Chapter 52 - Fragments
They chose the second stack and Rowan gave Alena half as they took turns to read aloud what they discovered.
“Already the rumors come from the desert that the Golden City of Carthuse lays in ruins, its people gone, and its water undrinkable,” Alena started off.
“The warnings speak of a terrible illness, but others whisper of darker things. They all agree on one thing; let the desert claim that accursed place. King Mohaddid three as recorded by his scribe, Talmud,” Alena finished the first letter.
“An army of one hundred men, from the legions of the accursed Roman oppressors, journeyed to the tombs in the desert where a city died in darkness. We warned them that those who venture there, never return, but they would not listen. Commander of the Pharaoh’s high guard, Talmud of Egypt,” Rowan continued with the next document.
“The Romans robbed the graves of fallen Pharaoh’s. They stole from the black tomb all that they could, and they did not heed the warnings of wise men. Death would follow them — Commander of the Pharos’ high guard, Talmud of Egypt,” Alena read with a frown.
“The Romans returned the treasure, and they brought an army, but it would do them no good. Death will reap them all for their insolence. The Royal scribe, Mohammed of Siria.” Each letter corroborated what they already knew.
“The Romans never returned, but the desert speaks of many men that move by night. They carried a heavy load, and the tombs are empty. How many more lives have the dead to reap before men learn? The Royal scribe, Mohammed of Siria,” Alena read, and both of them wondered if the deserters stole the treasure after all.

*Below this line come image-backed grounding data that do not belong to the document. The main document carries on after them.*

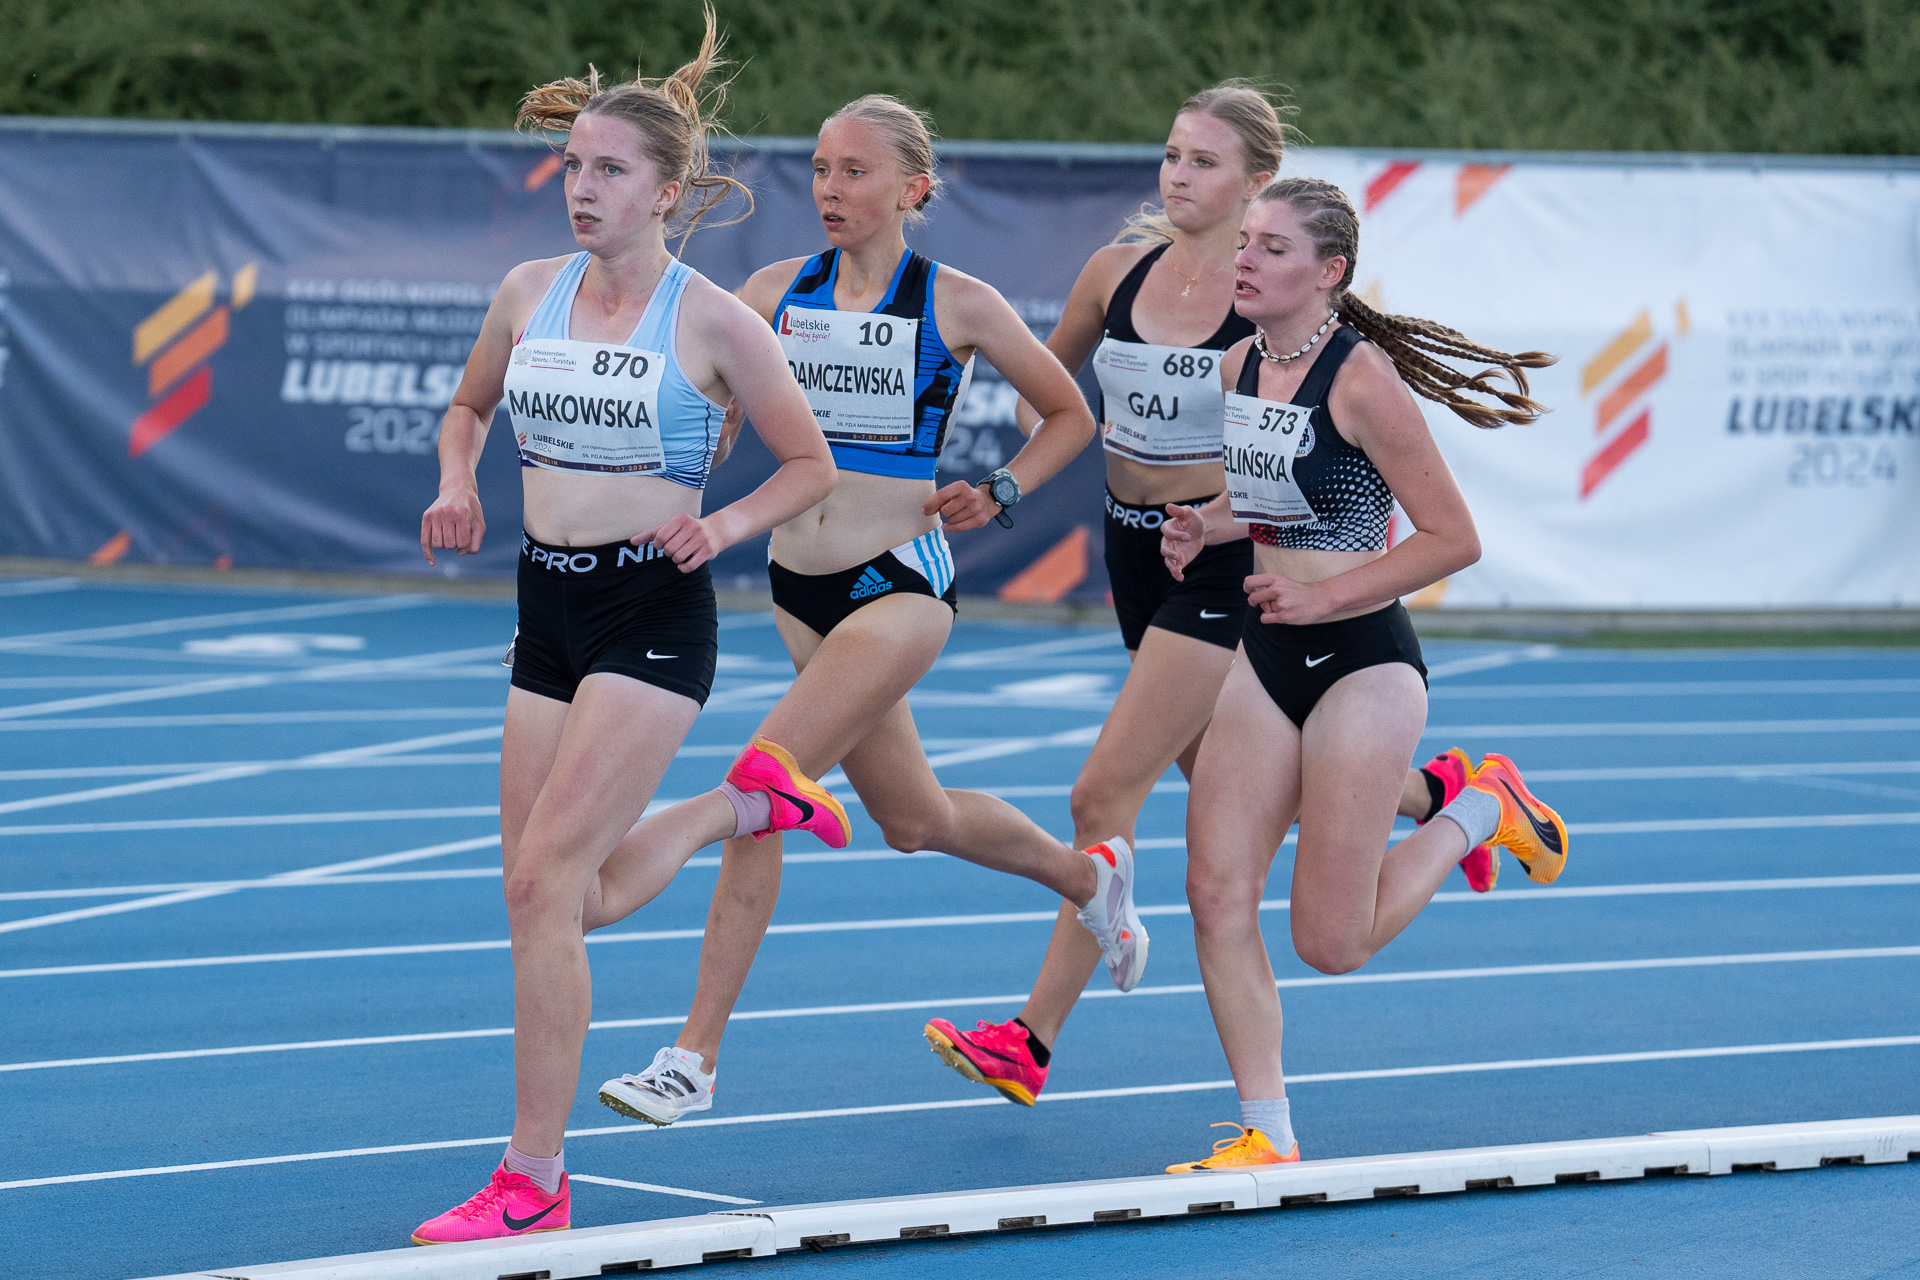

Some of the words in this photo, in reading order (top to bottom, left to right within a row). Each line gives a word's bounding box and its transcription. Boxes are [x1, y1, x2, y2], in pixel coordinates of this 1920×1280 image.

[859, 321, 893, 346] 10
[533, 349, 566, 357] Ministerstwo
[553, 358, 577, 366] Turystyki
[592, 350, 649, 379] 870
[1163, 353, 1213, 378] 689
[508, 389, 652, 429] MAKOWSKA
[1128, 392, 1179, 421] GAJ
[1116, 423, 1147, 442] LUBELSKIE
[1259, 407, 1298, 435] 573
[532, 433, 575, 450] LUBELSKIE
[533, 441, 552, 453] 2024
[852, 433, 898, 441] 5-7.07.2024
[1223, 443, 1290, 483] ELIŃSKA
[1112, 502, 1164, 529] PRO
[532, 545, 598, 573] PRO
[617, 540, 666, 568] NI
[850, 581, 893, 600] adidas
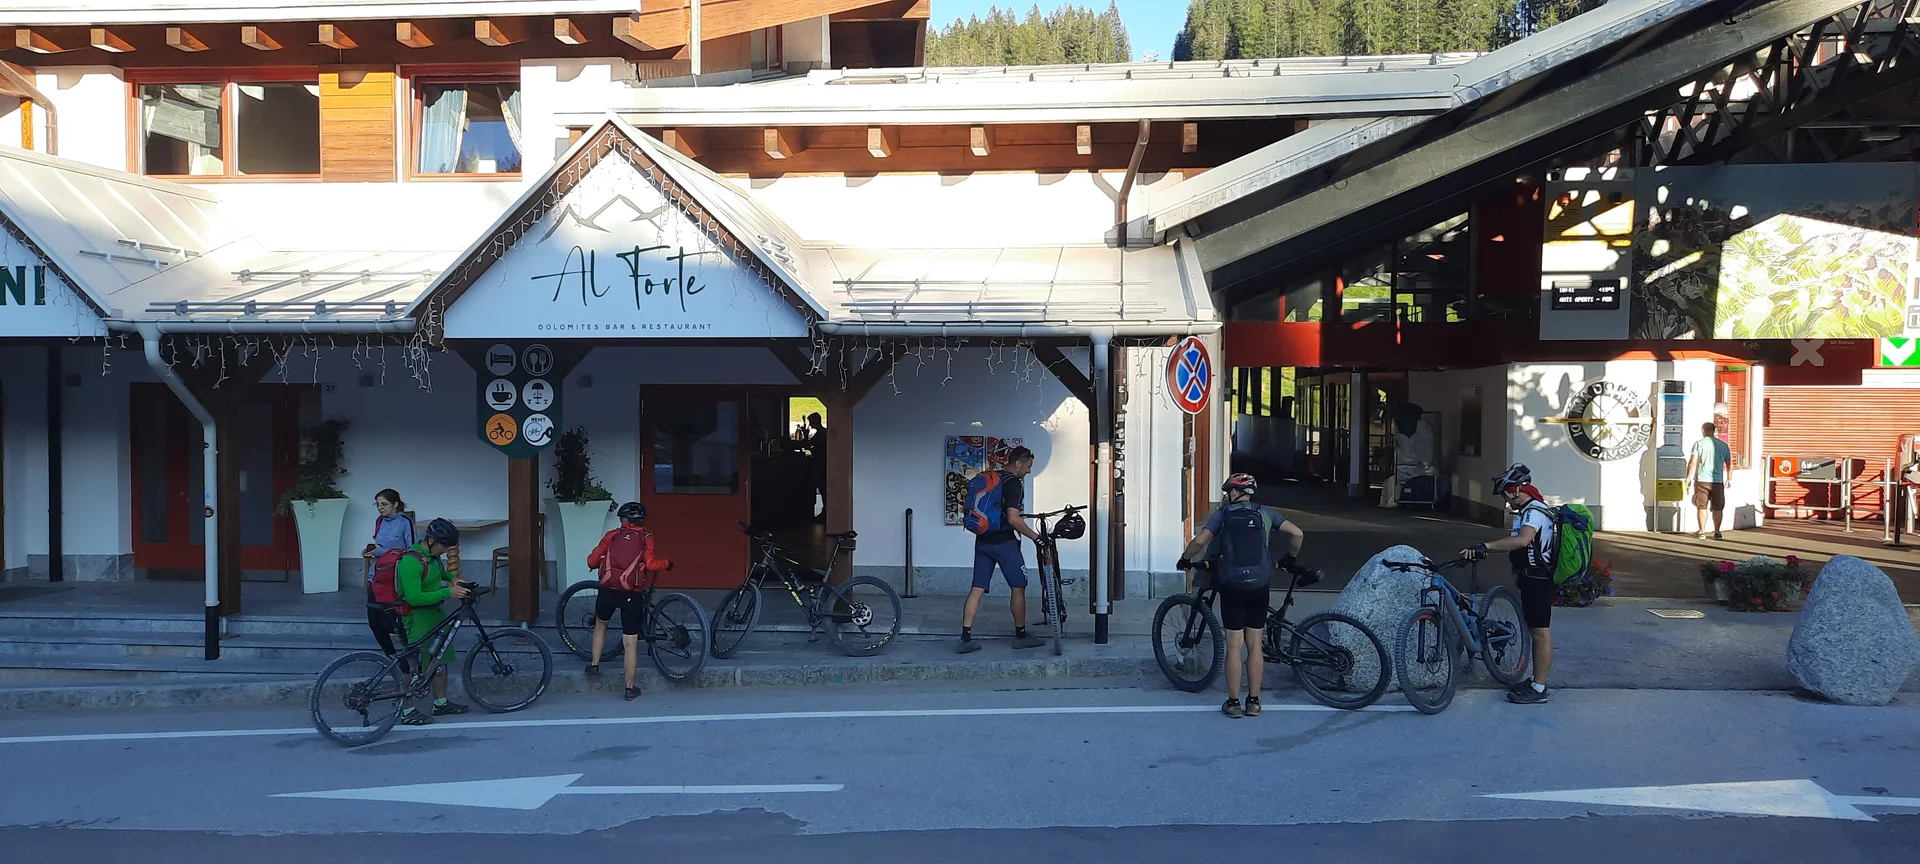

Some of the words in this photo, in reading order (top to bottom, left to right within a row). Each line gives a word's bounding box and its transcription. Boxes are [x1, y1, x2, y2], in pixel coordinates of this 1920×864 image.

[530, 245, 611, 307] Al
[615, 244, 718, 313] Forte
[537, 323, 600, 332] DOLOMITES
[605, 323, 626, 331] BAR
[630, 323, 636, 331] &
[641, 322, 713, 331] RESTAURANT
[324, 384, 336, 392] 27
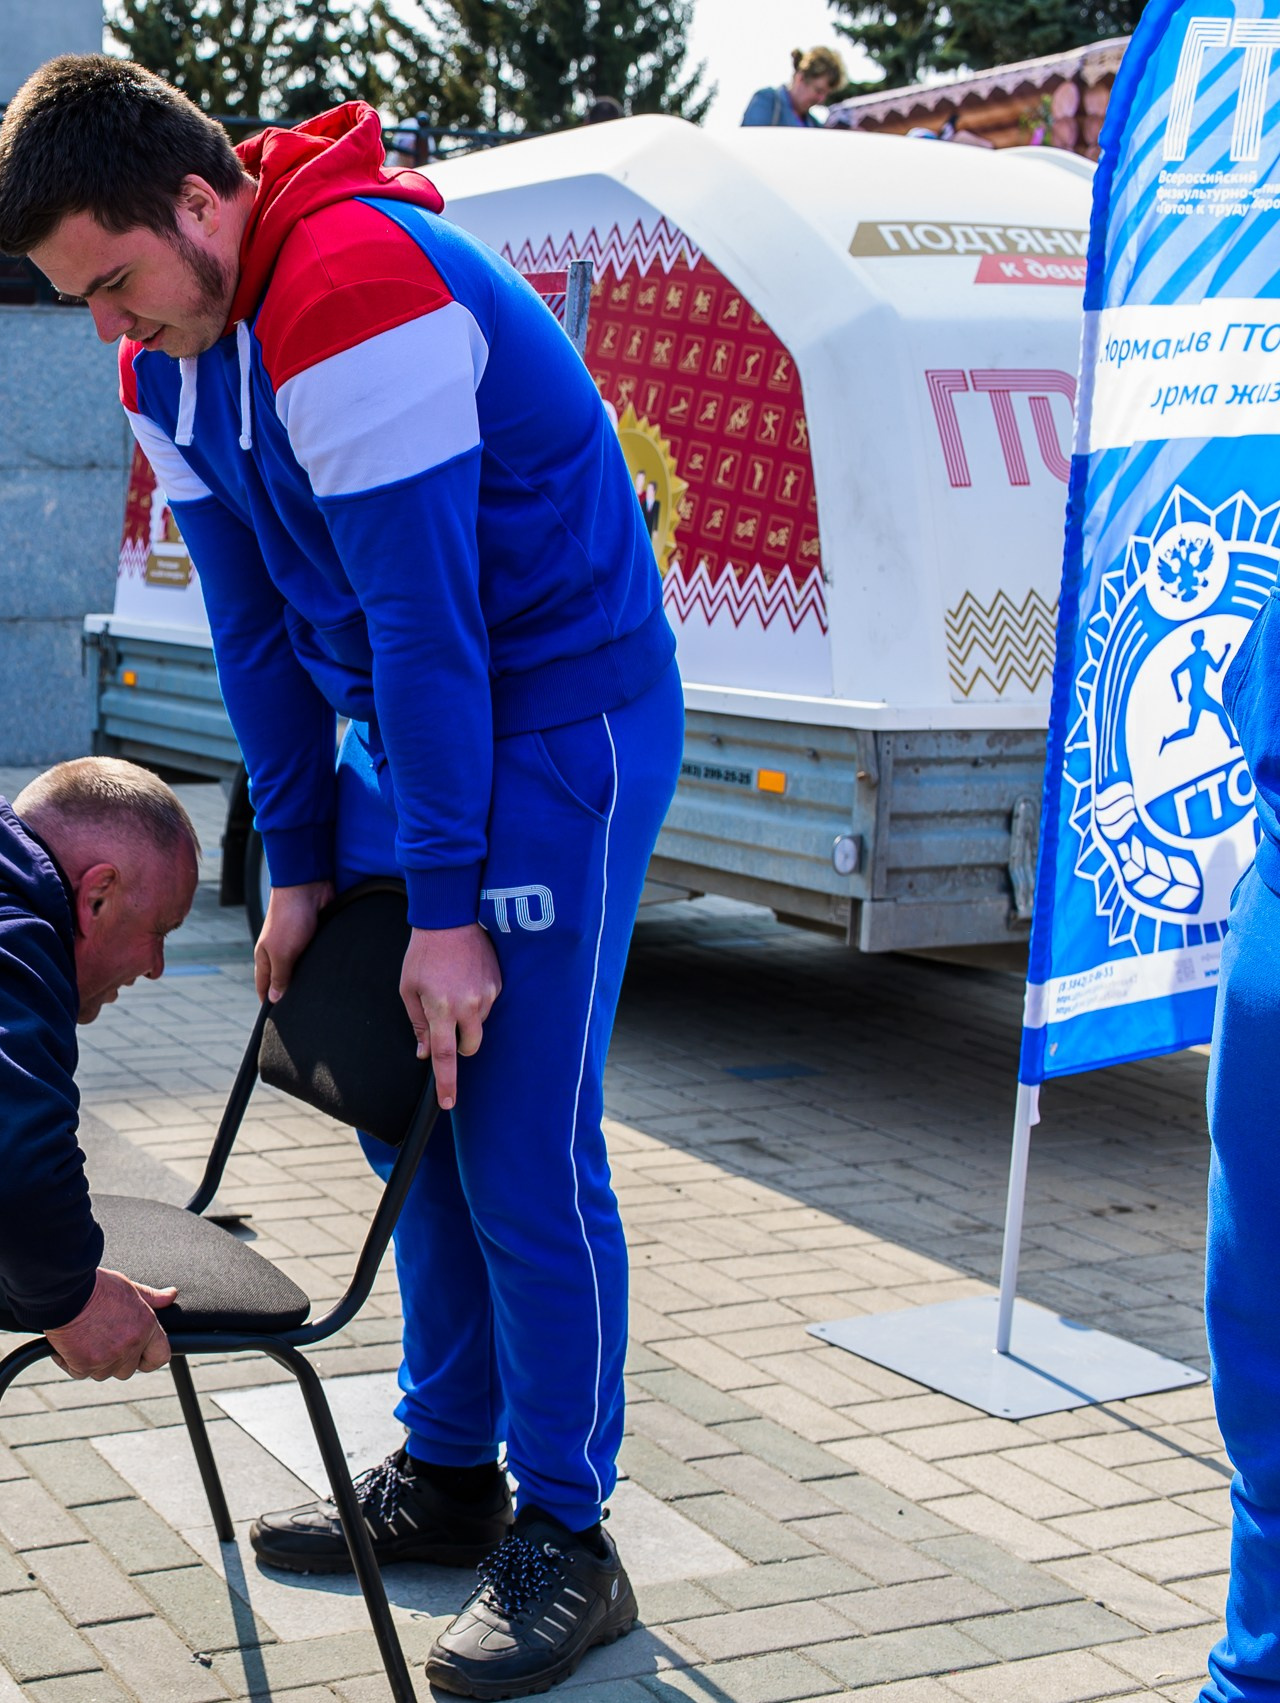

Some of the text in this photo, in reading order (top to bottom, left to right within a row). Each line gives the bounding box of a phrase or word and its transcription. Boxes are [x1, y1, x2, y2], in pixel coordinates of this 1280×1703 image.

[1158, 169, 1258, 187] Всероссийский
[1208, 203, 1250, 217] труду
[1024, 258, 1088, 281] дви
[1173, 759, 1257, 837] ГТО
[480, 884, 556, 933] ТО
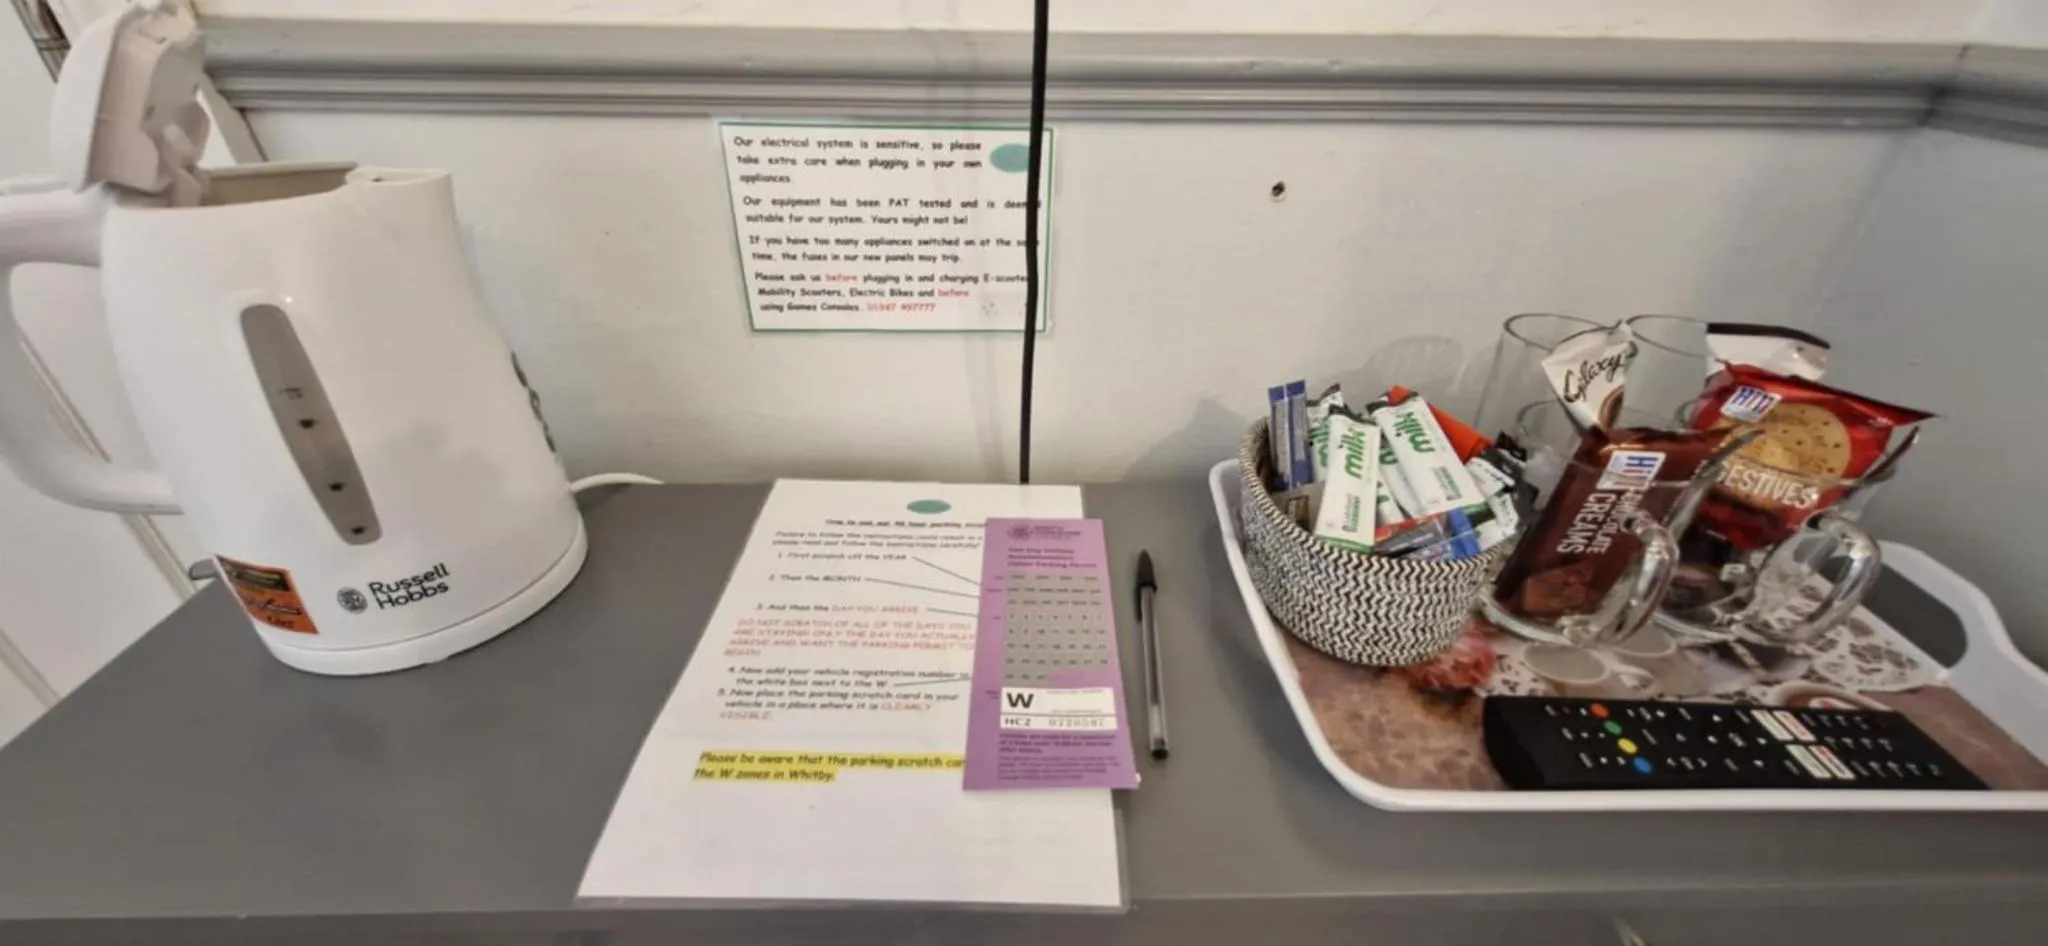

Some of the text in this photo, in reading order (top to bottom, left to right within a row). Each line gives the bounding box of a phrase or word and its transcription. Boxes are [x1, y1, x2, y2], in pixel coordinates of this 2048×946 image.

“A dark army came from the desert. They could only come from one place, and they came laden heavily, silent, not like men back from the waterless waste. A tall man led them with his entire body covered, in layers of dark, and dense cloth, not even his hands or face revealed. He spoke to the merchant traders, commandeered three of their ships, and he loaded the treasure from the dark tomb in their bows. Twice those ships crossed the ocean to move the treasure. The Roman soldiers disappeared, and so did the sailors and merchantmen with them,” Rowan hesitated when she read this, and her frown deepened.
“Someone spoke of a fortress on a jut of land at the edge of the sea. They found him drowned, and we asked no more questions. They must have gone from here to the closest shore, for their first journey was brief. For weeks after they left the bodies of the Roman dead washed up on the shore, bloated with no wound or reason for death. No shark, nor fish feasted on their flesh and among them were but one or two sailors. They were…” Alena sighed and rubbed over her face.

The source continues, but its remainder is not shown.